EXERCISE AIM –
Everything in the entries below must be reproduced exactly, except the images.

Start of EXERCISE MATERIAL

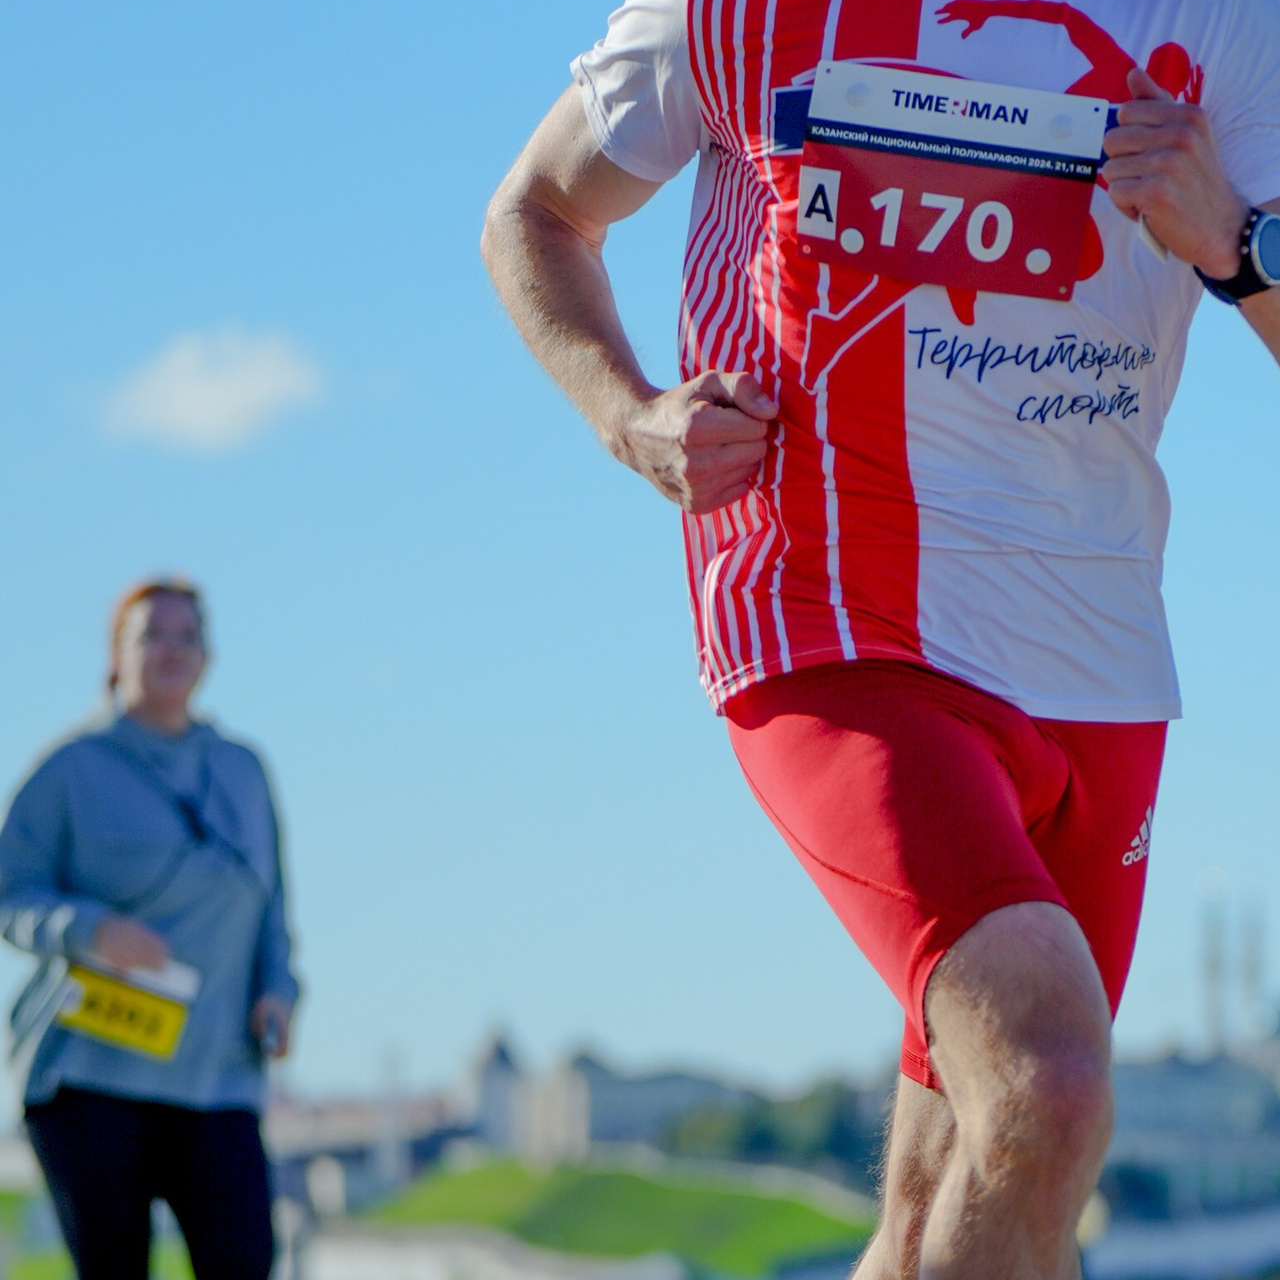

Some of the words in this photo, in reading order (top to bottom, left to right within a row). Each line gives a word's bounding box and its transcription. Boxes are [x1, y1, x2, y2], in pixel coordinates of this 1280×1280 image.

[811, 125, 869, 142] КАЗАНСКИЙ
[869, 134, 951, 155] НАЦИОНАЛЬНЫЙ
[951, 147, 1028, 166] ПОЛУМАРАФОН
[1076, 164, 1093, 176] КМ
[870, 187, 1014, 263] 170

End of EXERCISE MATERIAL

OUTPUT OF THE EXERCISE –
Some of the words in this photo, in reading order (top to bottom, left to right within a row). Each line gives a word's bounding box and its transcription. Boxes are [x1, y1, x2, y2], in pixel coordinates of this 1280×1280 image.

[811, 125, 869, 142] КАЗАНСКИЙ
[869, 134, 951, 155] НАЦИОНАЛЬНЫЙ
[951, 147, 1028, 166] ПОЛУМАРАФОН
[1076, 164, 1093, 176] КМ
[870, 187, 1014, 263] 170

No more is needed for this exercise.